** WORK ORDER **
Write out the records that appear below, verbatim and complete, but without pictures.

Dataset items
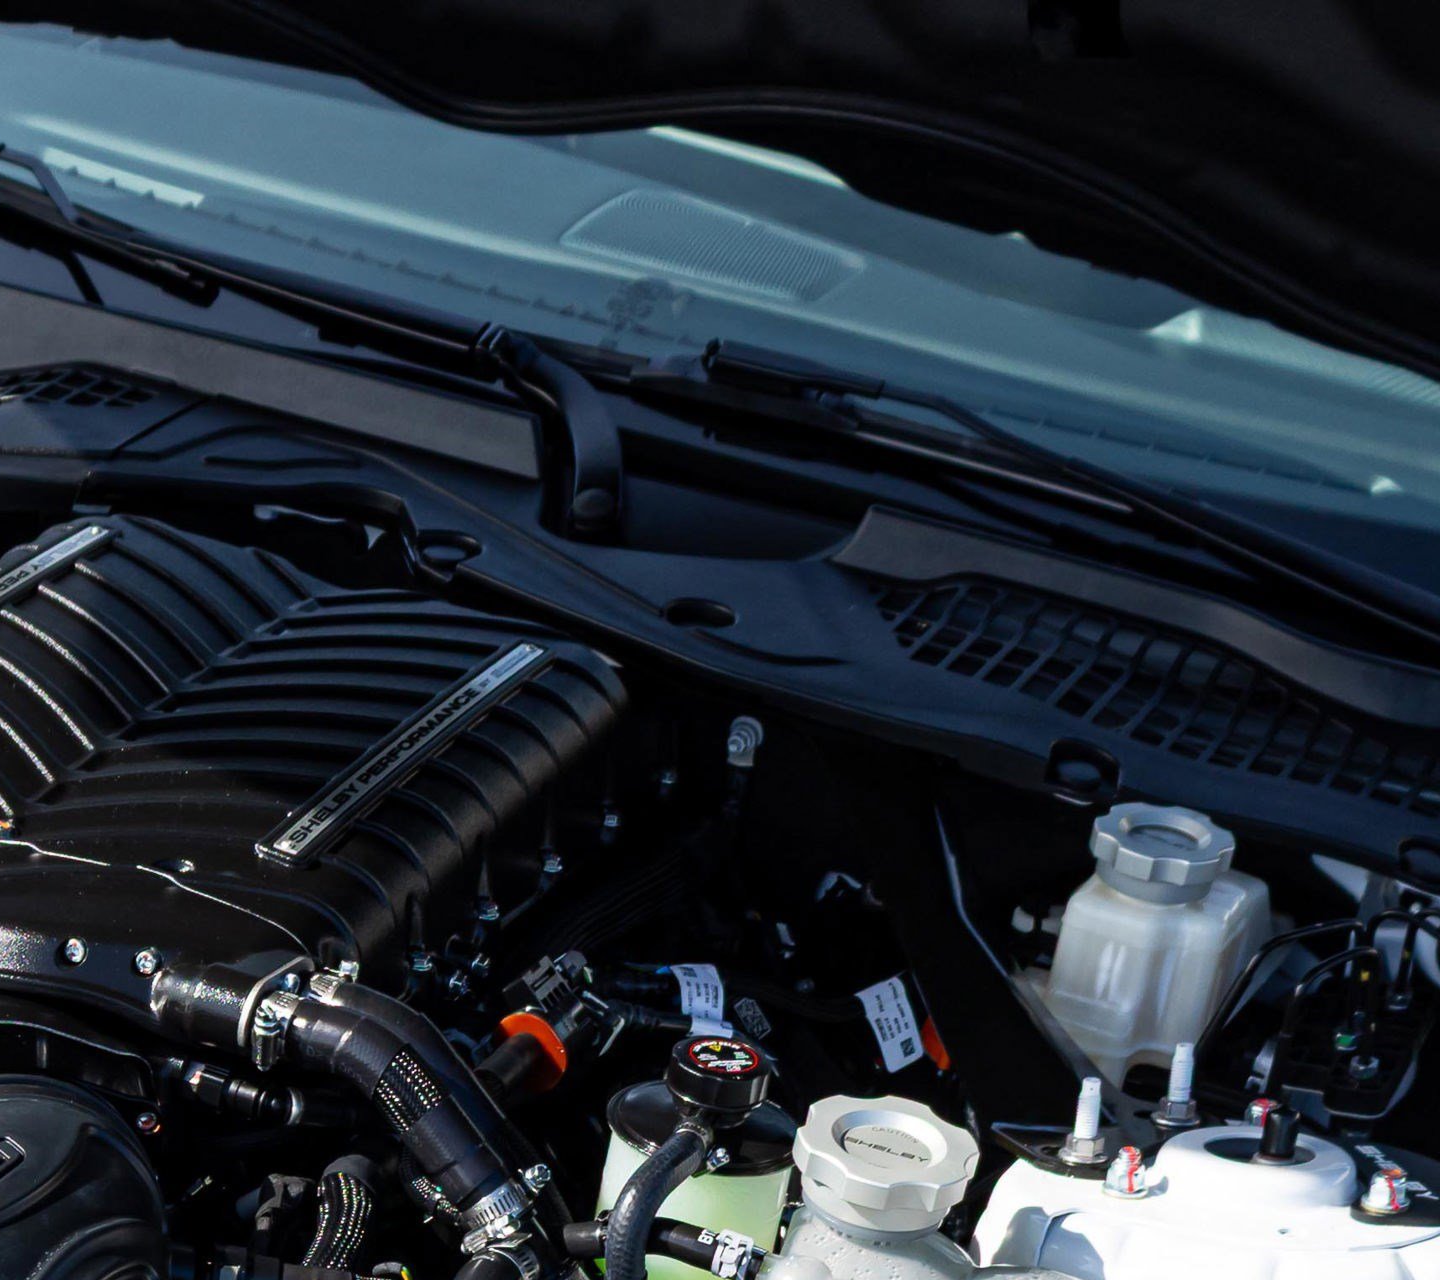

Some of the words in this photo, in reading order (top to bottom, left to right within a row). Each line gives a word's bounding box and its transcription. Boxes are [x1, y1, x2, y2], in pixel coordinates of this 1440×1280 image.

[288, 783, 360, 847] SHELBY
[360, 688, 477, 788] PERFORMANCE
[844, 1136, 929, 1162] SHELBY
[1354, 1145, 1440, 1200] SHEBY

** TASK RESULT **
Some of the words in this photo, in reading order (top to bottom, left to right within a row). Each line gives a word's bounding box and its transcription. Boxes are [x1, y1, x2, y2], in pixel coordinates of this 1440×1280 image.

[288, 783, 360, 847] SHELBY
[360, 688, 477, 788] PERFORMANCE
[844, 1136, 929, 1162] SHELBY
[1354, 1145, 1440, 1200] SHEBY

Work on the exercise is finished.